[Task statement]: Scan the records for the line containing "Some of the words". From there through the last line, write out each line exactly.

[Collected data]
Start of Block
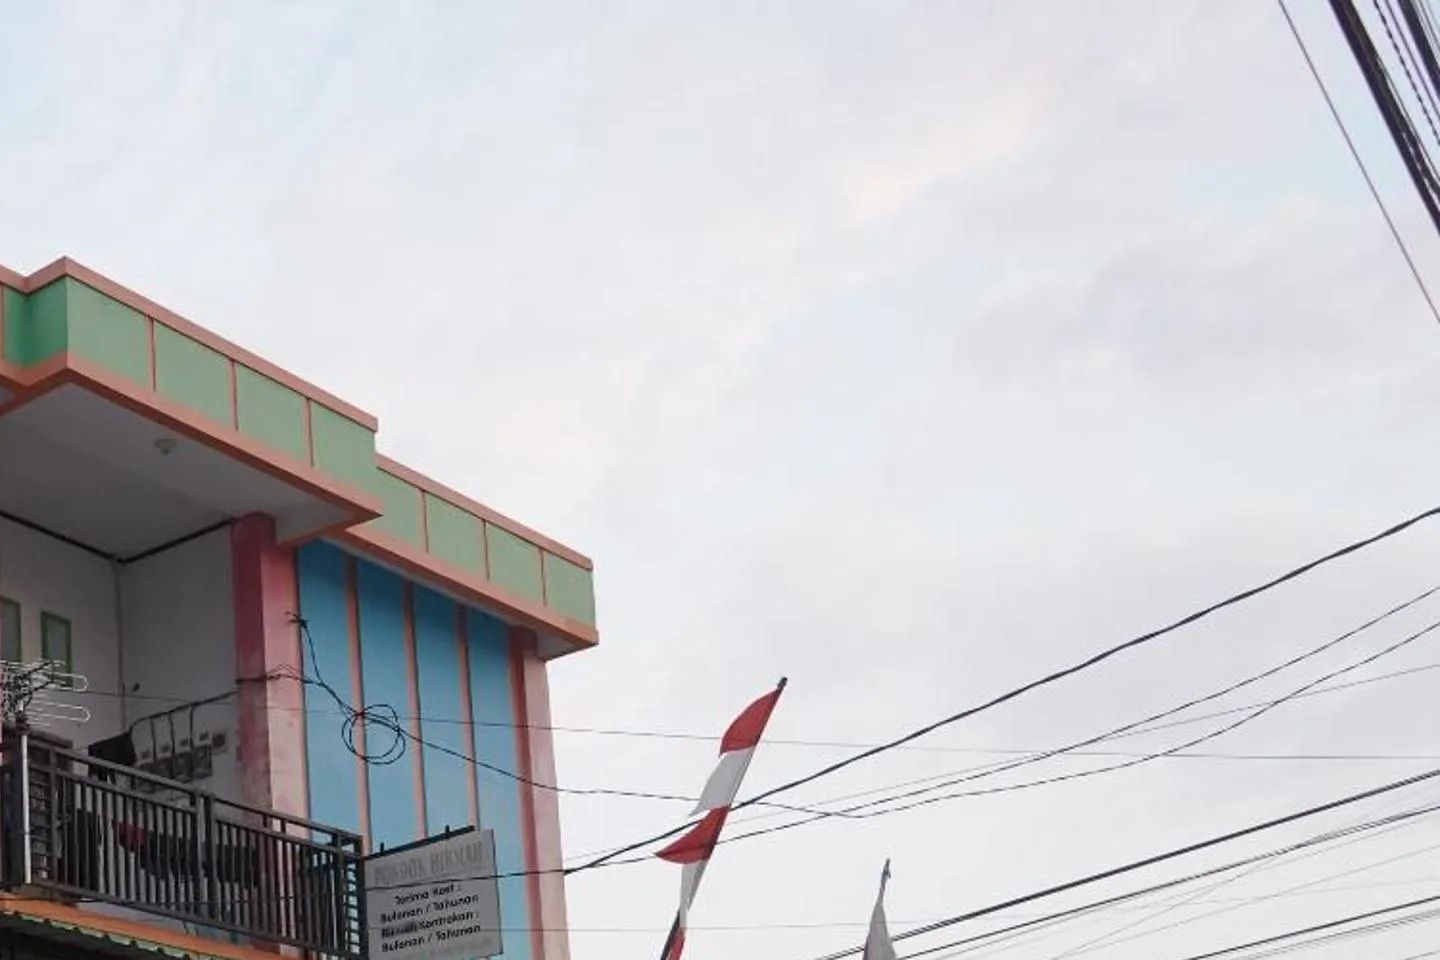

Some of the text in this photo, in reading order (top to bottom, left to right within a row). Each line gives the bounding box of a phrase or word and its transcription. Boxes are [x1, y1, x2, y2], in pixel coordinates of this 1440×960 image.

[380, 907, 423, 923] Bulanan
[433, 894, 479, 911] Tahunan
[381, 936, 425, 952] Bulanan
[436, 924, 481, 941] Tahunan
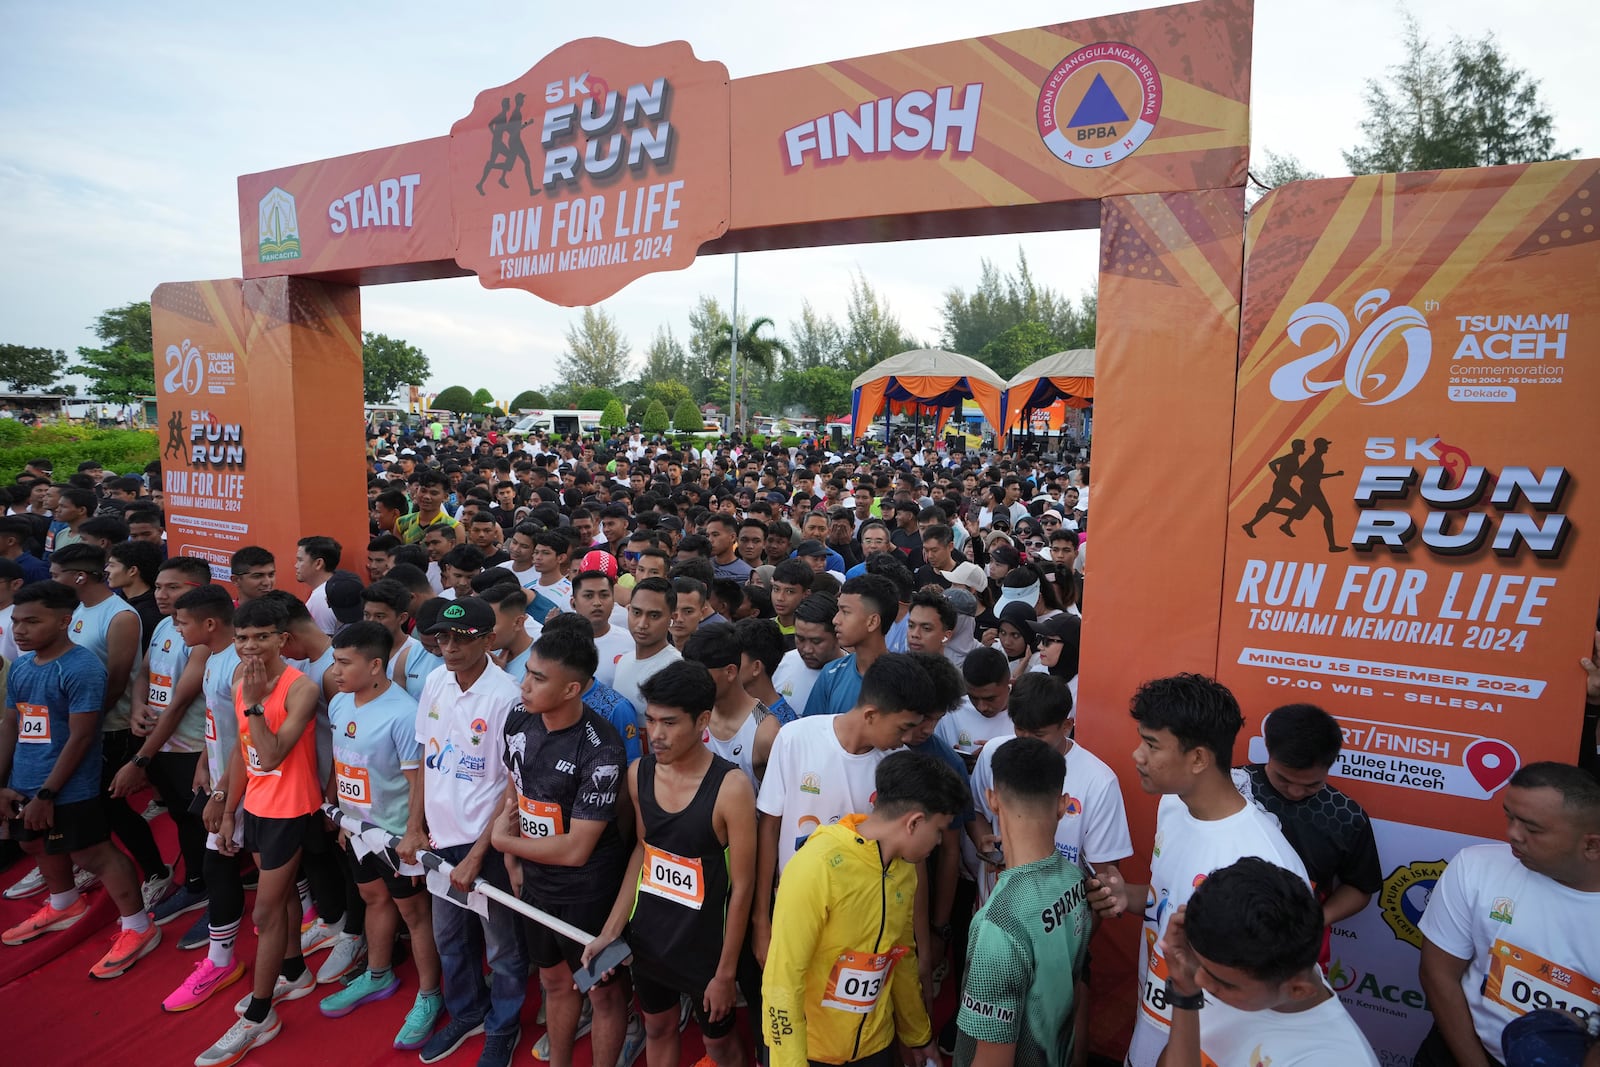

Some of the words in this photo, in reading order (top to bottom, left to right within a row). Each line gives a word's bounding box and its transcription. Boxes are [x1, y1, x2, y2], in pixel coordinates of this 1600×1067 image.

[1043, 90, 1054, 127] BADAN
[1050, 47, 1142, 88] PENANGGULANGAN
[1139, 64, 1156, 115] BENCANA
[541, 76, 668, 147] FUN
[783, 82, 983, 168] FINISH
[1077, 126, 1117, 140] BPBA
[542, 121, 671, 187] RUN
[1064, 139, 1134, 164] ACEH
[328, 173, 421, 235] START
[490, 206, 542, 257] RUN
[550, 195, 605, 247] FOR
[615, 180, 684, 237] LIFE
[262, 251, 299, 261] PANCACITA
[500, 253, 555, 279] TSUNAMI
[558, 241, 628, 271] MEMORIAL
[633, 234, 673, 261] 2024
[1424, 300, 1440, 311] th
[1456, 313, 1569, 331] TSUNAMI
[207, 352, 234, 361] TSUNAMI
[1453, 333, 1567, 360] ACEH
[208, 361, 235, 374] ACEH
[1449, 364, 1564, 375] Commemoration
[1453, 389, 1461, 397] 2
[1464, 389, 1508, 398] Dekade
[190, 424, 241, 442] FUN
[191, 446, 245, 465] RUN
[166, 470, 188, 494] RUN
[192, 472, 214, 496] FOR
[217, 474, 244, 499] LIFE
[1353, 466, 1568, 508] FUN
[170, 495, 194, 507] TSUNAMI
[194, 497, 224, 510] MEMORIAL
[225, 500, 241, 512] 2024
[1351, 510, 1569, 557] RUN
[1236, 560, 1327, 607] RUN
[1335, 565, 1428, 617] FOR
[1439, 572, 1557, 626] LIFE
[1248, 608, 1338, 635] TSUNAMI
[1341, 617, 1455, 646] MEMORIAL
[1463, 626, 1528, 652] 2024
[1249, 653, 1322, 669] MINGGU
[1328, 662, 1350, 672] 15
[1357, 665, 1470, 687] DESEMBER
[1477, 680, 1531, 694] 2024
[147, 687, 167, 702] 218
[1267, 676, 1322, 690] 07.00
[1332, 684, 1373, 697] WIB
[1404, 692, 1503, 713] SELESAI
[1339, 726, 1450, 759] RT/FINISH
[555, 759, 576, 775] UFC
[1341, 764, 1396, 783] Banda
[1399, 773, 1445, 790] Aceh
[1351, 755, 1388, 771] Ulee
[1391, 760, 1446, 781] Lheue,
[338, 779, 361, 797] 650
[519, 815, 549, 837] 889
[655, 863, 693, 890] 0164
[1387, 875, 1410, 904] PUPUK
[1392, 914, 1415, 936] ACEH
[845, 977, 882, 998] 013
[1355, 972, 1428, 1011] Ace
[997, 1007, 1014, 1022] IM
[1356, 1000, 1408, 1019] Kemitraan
End of Block
[Response area]:
Some of the words in this photo, in reading order (top to bottom, left to right within a row). Each line gives a word's bounding box and its transcription. Boxes are [x1, y1, x2, y2], in pixel coordinates of this 1600×1067 image.

[1043, 90, 1054, 127] BADAN
[1050, 47, 1142, 88] PENANGGULANGAN
[1139, 64, 1156, 115] BENCANA
[541, 76, 668, 147] FUN
[783, 82, 983, 168] FINISH
[1077, 126, 1117, 140] BPBA
[542, 121, 671, 187] RUN
[1064, 139, 1134, 164] ACEH
[328, 173, 421, 235] START
[490, 206, 542, 257] RUN
[550, 195, 605, 247] FOR
[615, 180, 684, 237] LIFE
[262, 251, 299, 261] PANCACITA
[500, 253, 555, 279] TSUNAMI
[558, 241, 628, 271] MEMORIAL
[633, 234, 673, 261] 2024
[1424, 300, 1440, 311] th
[1456, 313, 1569, 331] TSUNAMI
[207, 352, 234, 361] TSUNAMI
[1453, 333, 1567, 360] ACEH
[208, 361, 235, 374] ACEH
[1449, 364, 1564, 375] Commemoration
[1453, 389, 1461, 397] 2
[1464, 389, 1508, 398] Dekade
[190, 424, 241, 442] FUN
[191, 446, 245, 465] RUN
[166, 470, 188, 494] RUN
[192, 472, 214, 496] FOR
[217, 474, 244, 499] LIFE
[1353, 466, 1568, 508] FUN
[170, 495, 194, 507] TSUNAMI
[194, 497, 224, 510] MEMORIAL
[225, 500, 241, 512] 2024
[1351, 510, 1569, 557] RUN
[1236, 560, 1327, 607] RUN
[1335, 565, 1428, 617] FOR
[1439, 572, 1557, 626] LIFE
[1248, 608, 1338, 635] TSUNAMI
[1341, 617, 1455, 646] MEMORIAL
[1463, 626, 1528, 652] 2024
[1249, 653, 1322, 669] MINGGU
[1328, 662, 1350, 672] 15
[1357, 665, 1470, 687] DESEMBER
[1477, 680, 1531, 694] 2024
[147, 687, 167, 702] 218
[1267, 676, 1322, 690] 07.00
[1332, 684, 1373, 697] WIB
[1404, 692, 1503, 713] SELESAI
[1339, 726, 1450, 759] RT/FINISH
[555, 759, 576, 775] UFC
[1341, 764, 1396, 783] Banda
[1399, 773, 1445, 790] Aceh
[1351, 755, 1388, 771] Ulee
[1391, 760, 1446, 781] Lheue,
[338, 779, 361, 797] 650
[519, 815, 549, 837] 889
[655, 863, 693, 890] 0164
[1387, 875, 1410, 904] PUPUK
[1392, 914, 1415, 936] ACEH
[845, 977, 882, 998] 013
[1355, 972, 1428, 1011] Ace
[997, 1007, 1014, 1022] IM
[1356, 1000, 1408, 1019] Kemitraan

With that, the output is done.